War, hunger, poverty and sickness will stalk humanity if the world fails to tackle climate change, the 12-day UN conference on global warming at Poznan was told yesterday. Simultaneously – in what cannot be a coincidence – we have the government's "global warming advisor" warning that, "It is not too late to tackle climate change, but it will be unless the world takes action soon".
This is from a report by The Committee on Climate Change, chaired by Lord Turner, but what grabbed The Daily Telegraph's attention was the committee’s acknowledgement that the higher electricity and gas prices created by investment in renewables "could push a further 1.7 million households into fuel poverty".
But never mind, says Turner, 400,000 of those could be lifted out by energy efficiency measures in their homes, which just leaves 1.3 million households driven into fuel poverty by a policy which seeks deliberately to raise energy costs in order to reduce consumption and thereby emissions.
However, the drive for renewables, funded by the hidden "renewables obligation" subsidy system is only one component of the raft of extra costs. The other major element is the EU's emission trading scheme which, two weeks ago, netted Alistair Darling a cool £54 million. He is set to scoop up another £1 billion over the next four years.
Writes Jonathan Leake of The Sunday Times, "we are witnessing the birth of the greatest and most complex commodity market the world has seen." The ETS is part of a global "carbon permits" market which, last year was worth more than £55 billion. Future trading volumes, if all goes global according to plan, will dwarf these.
Yet, as Leake observes, carbon trading shows no sign of achieving its purpose: CO2 emissions have increased, not slackened, since the first trading schemes. He even quotes Jim Hansen, director of the Nasa Goddard space centre who believes carbon trading is a "terrible" approach. "Carbon trading does not solve the emission problem at all," he says. "In fact it gives industries a way to avoid reducing their emissions. The rules are too complex and it creates an entirely new class of lobbyists and fat cats."

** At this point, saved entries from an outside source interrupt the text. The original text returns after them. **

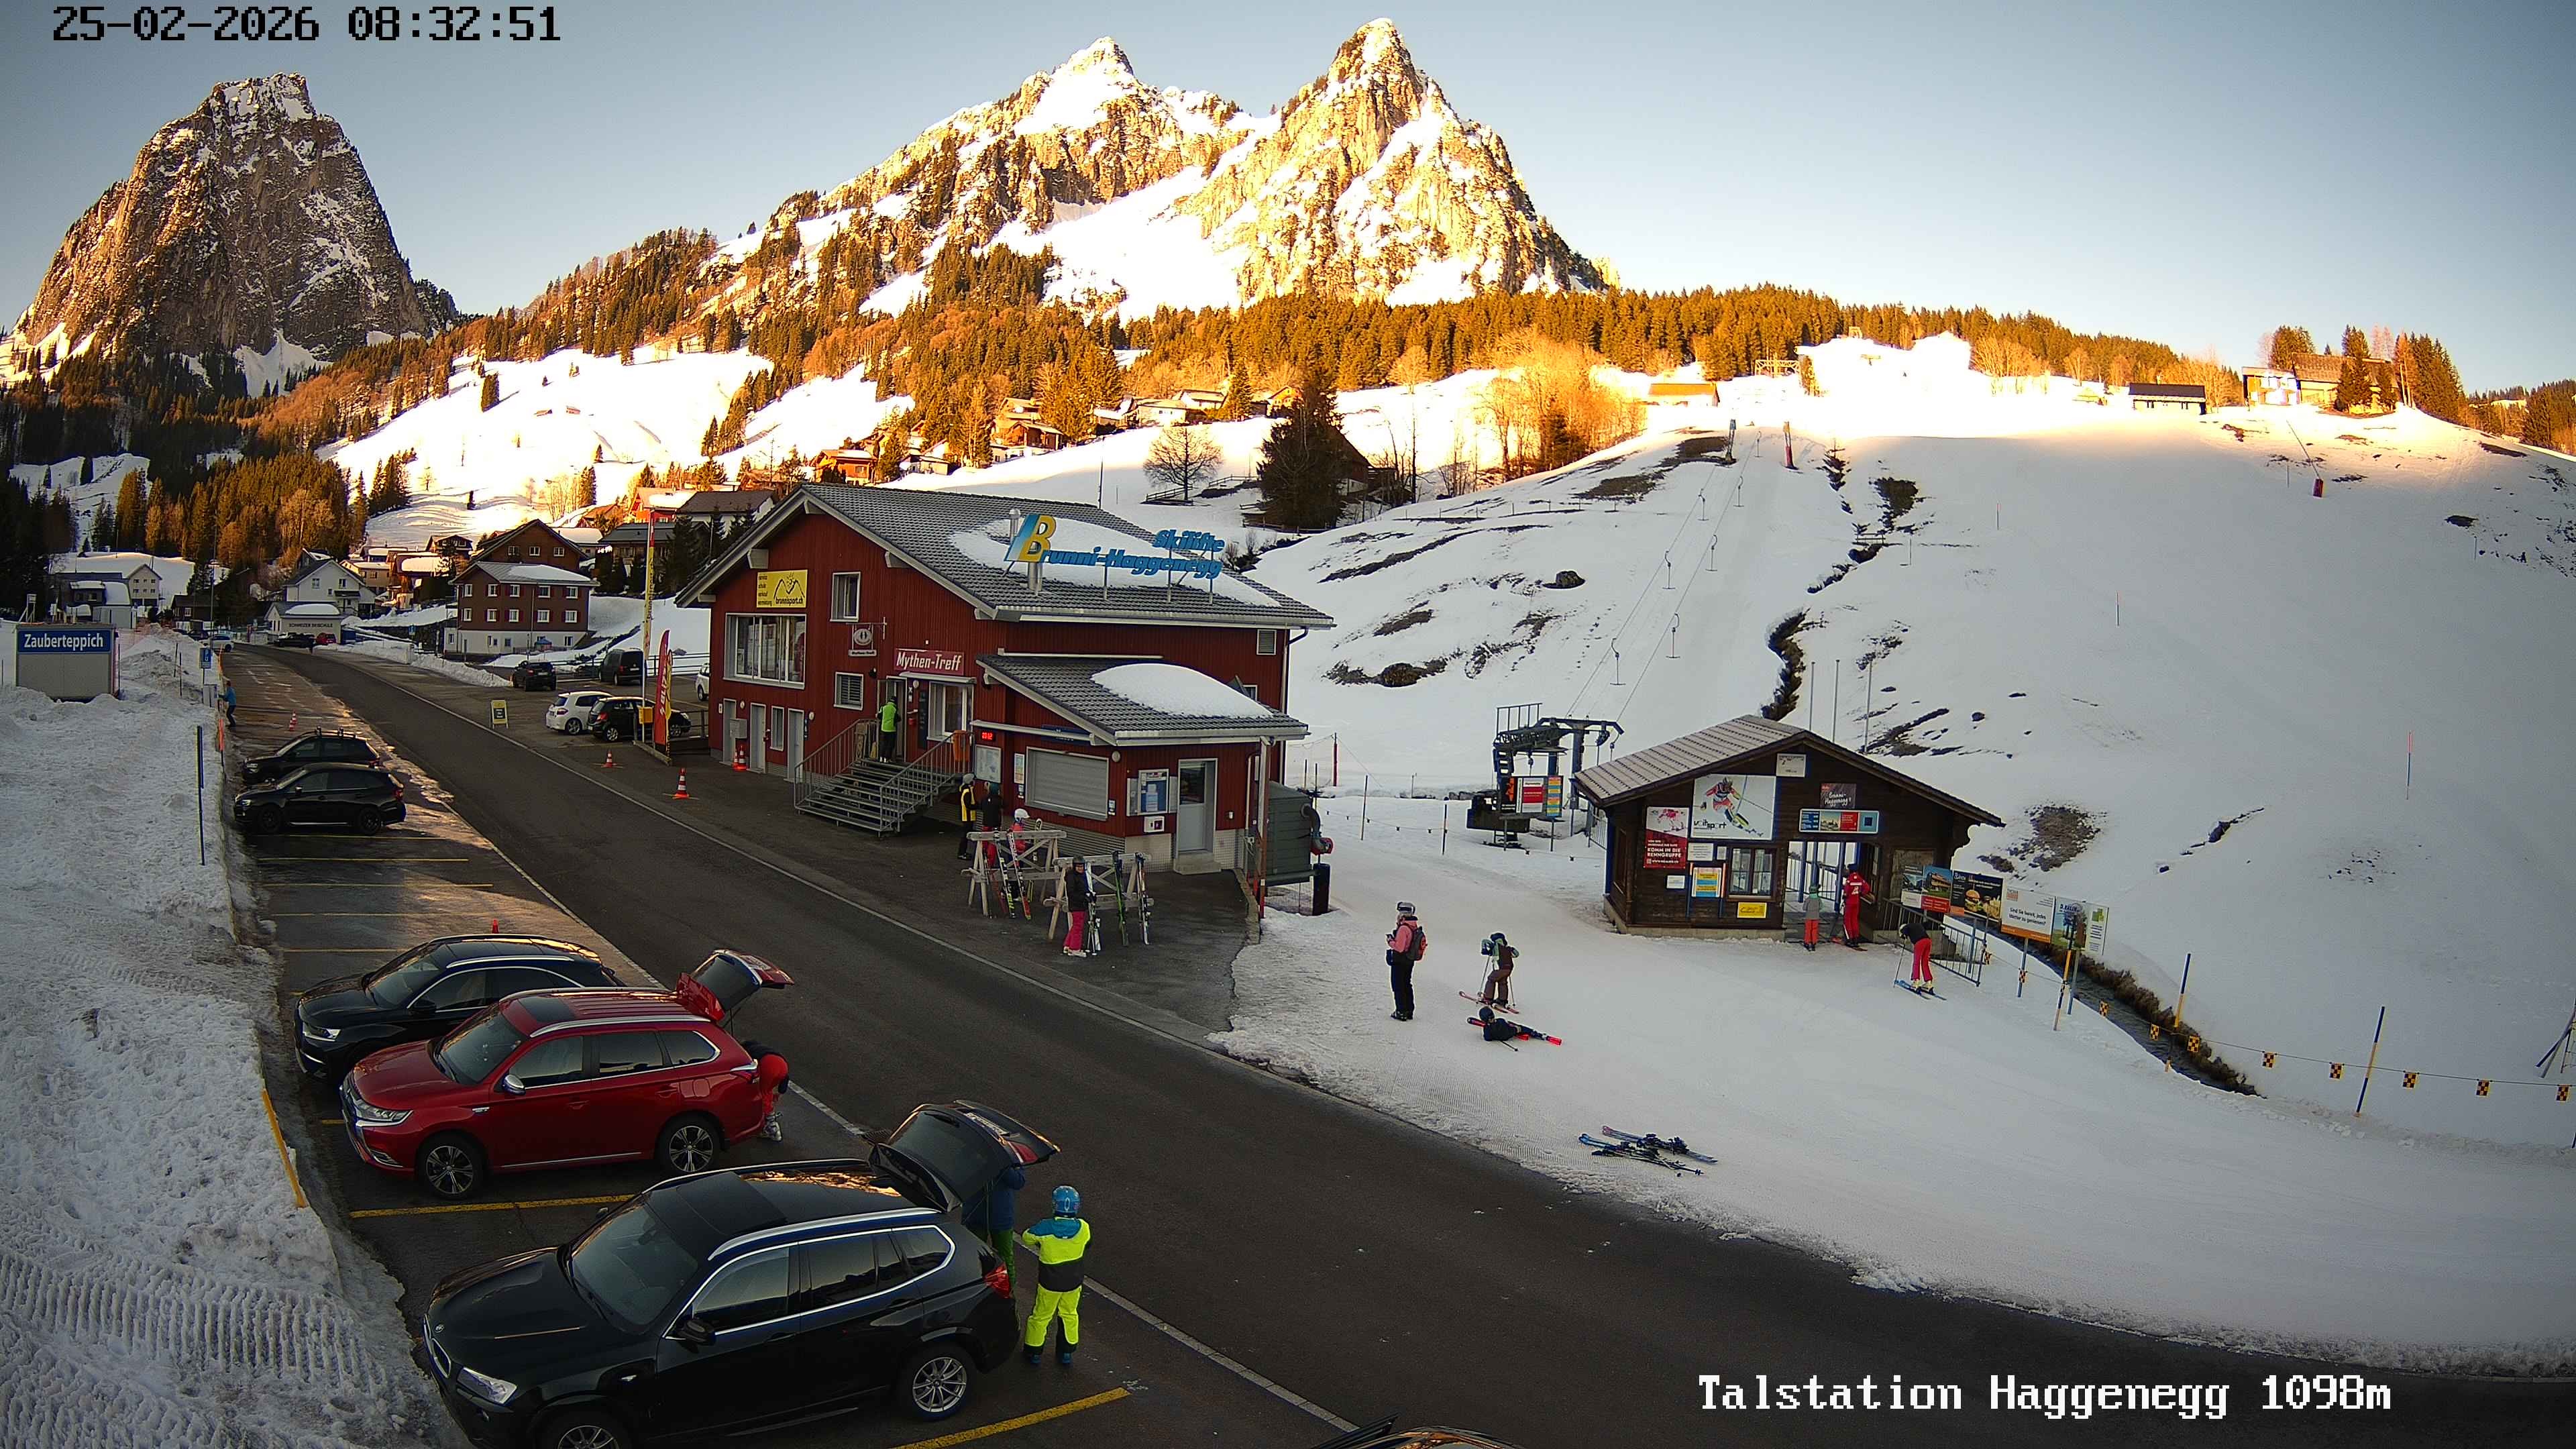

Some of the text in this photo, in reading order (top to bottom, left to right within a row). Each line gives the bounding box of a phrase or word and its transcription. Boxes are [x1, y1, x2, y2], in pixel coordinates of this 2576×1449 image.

[1004, 515, 1223, 579] Brunni-Haggenegg
[1152, 529, 1225, 552] Skilifte
[775, 596, 804, 606] brunnisport.ch
[23, 633, 104, 651] Zauberteppich
[896, 651, 962, 671] Mythen-Treff

This, we ourselves have observed, pointing up the fact now recognised by Leake that the whole system is nothing more than a money-making scam. But neither he nor anyone else, it seems, is making the final link between increased energy costs, greater fuel poverty and then, as we pointed out, increased cold weather mortality.
To add to this burden, there is also the added burden of carbon capture, with Turner recommending that the government should not allow the use of coal for electricity generation without carbon capture technology beyond the early 2020s. New coal-fired power stations, he also says, should only be built with the "clear expectation and certainty" that they should be retrofitted with carbon capture.

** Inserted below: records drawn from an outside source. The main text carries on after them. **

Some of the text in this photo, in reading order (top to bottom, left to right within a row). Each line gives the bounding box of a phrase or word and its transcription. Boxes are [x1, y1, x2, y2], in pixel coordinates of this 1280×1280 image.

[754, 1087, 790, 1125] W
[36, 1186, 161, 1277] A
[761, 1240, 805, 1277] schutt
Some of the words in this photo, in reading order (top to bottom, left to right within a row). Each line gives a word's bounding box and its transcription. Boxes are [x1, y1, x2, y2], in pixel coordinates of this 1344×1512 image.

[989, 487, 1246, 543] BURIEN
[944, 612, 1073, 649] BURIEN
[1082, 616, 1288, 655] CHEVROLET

If we also factor in that the world, at this time, seems to be undergoing a period of cooling, reducing food supplies and adding considerably to domestic fuel bills, as well as increasing competition for scarce resources, we could easily make the case that the global warming scam, in adding to economic stresses, could trigger war, hunger, poverty and sickness.
For the moment though, it seems that the four horsemen of the apocalypse are out for hire, and the "warmists" are paying better. But then, with our money being plundered from our pockets to pay for their scam, they have an unlimited purse.